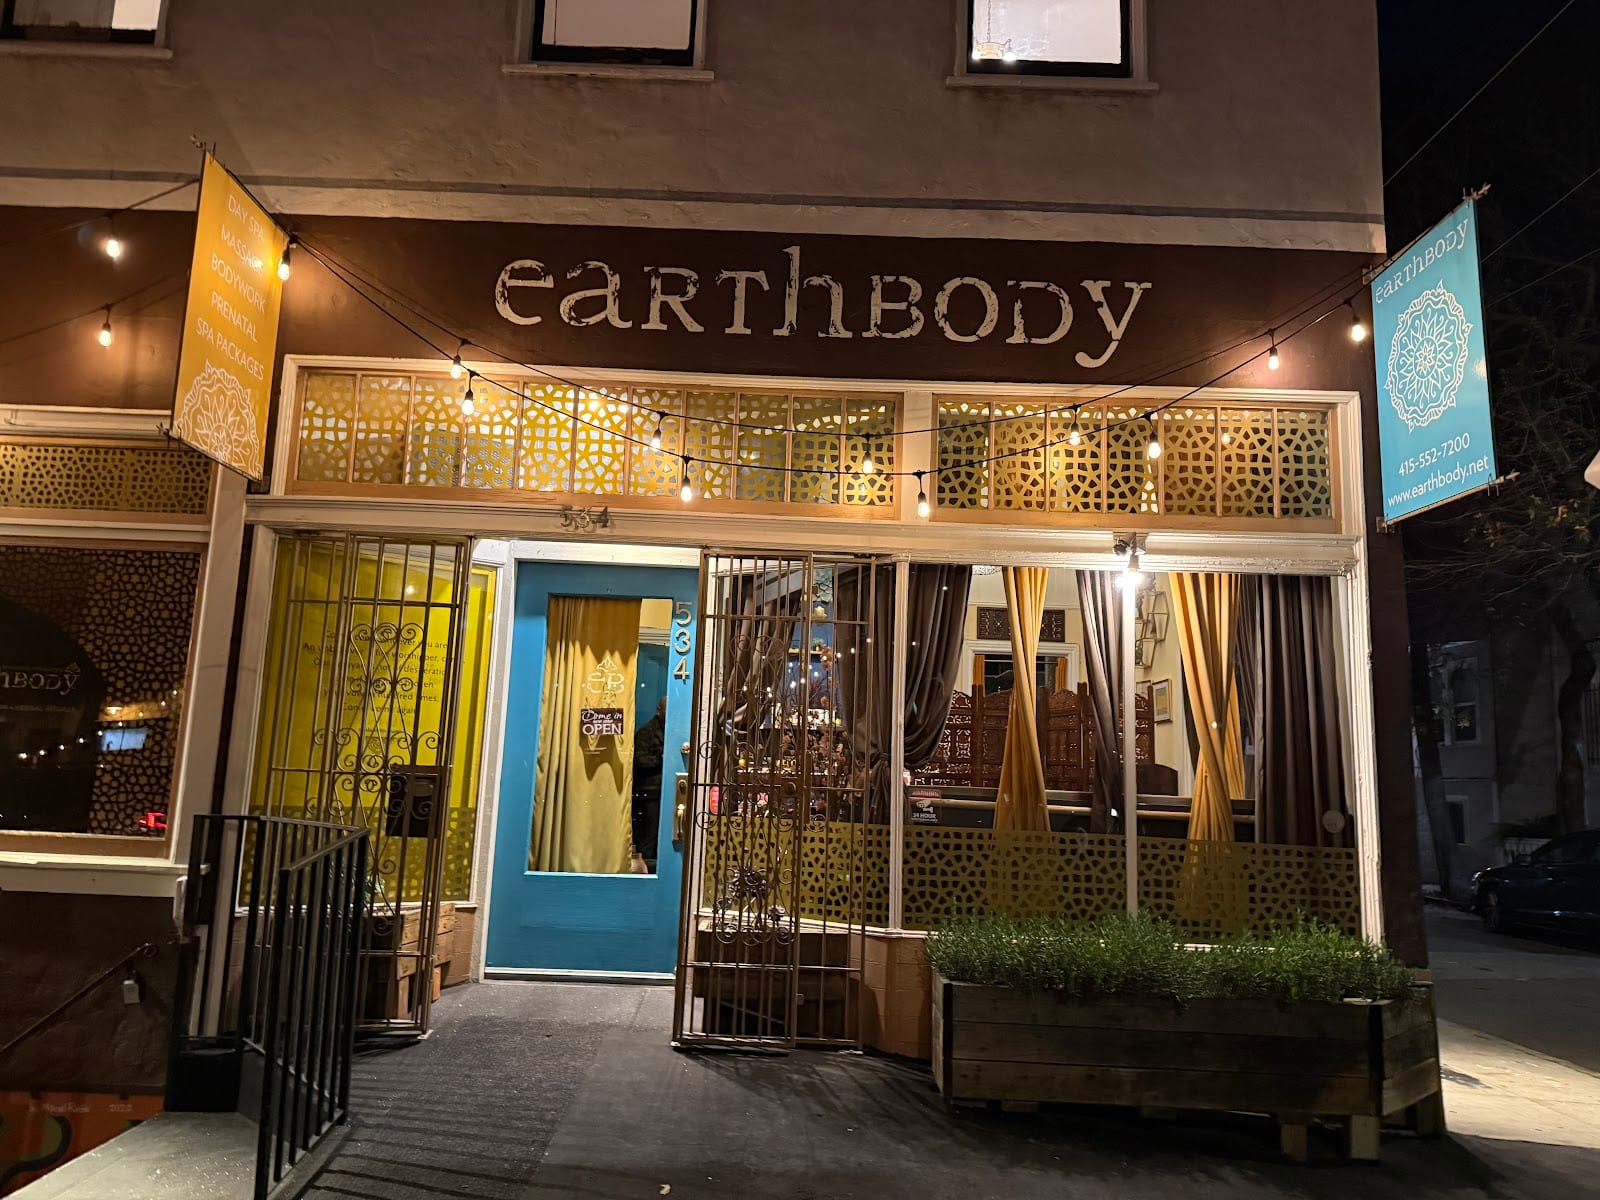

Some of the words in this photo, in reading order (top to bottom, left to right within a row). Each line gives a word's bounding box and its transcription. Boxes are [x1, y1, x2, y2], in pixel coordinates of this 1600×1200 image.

[228, 194, 249, 222] DAY
[249, 214, 265, 241] SPA
[211, 253, 266, 313] BODYWORK
[211, 290, 258, 343] PRENATAL
[197, 316, 215, 345] SPA
[216, 333, 265, 381] PACKAGES
[1398, 432, 1471, 477] 415-552-7200
[1387, 455, 1489, 508] www.earthbody.net
[672, 601, 693, 681] 534
[581, 709, 612, 722] Come
[582, 723, 623, 735] OPEN

=====

Could you retype each line of the material above exactly, skipping the pictures?

Some of the words in this photo, in reading order (top to bottom, left to right within a row). Each line gives a word's bounding box and its transcription. Boxes are [x1, y1, x2, y2], in pixel coordinates of this 1600×1200 image.

[228, 194, 249, 222] DAY
[249, 214, 265, 241] SPA
[211, 253, 266, 313] BODYWORK
[211, 290, 258, 343] PRENATAL
[197, 316, 215, 345] SPA
[216, 333, 265, 381] PACKAGES
[1398, 432, 1471, 477] 415-552-7200
[1387, 455, 1489, 508] www.earthbody.net
[672, 601, 693, 681] 534
[581, 709, 612, 722] Come
[582, 723, 623, 735] OPEN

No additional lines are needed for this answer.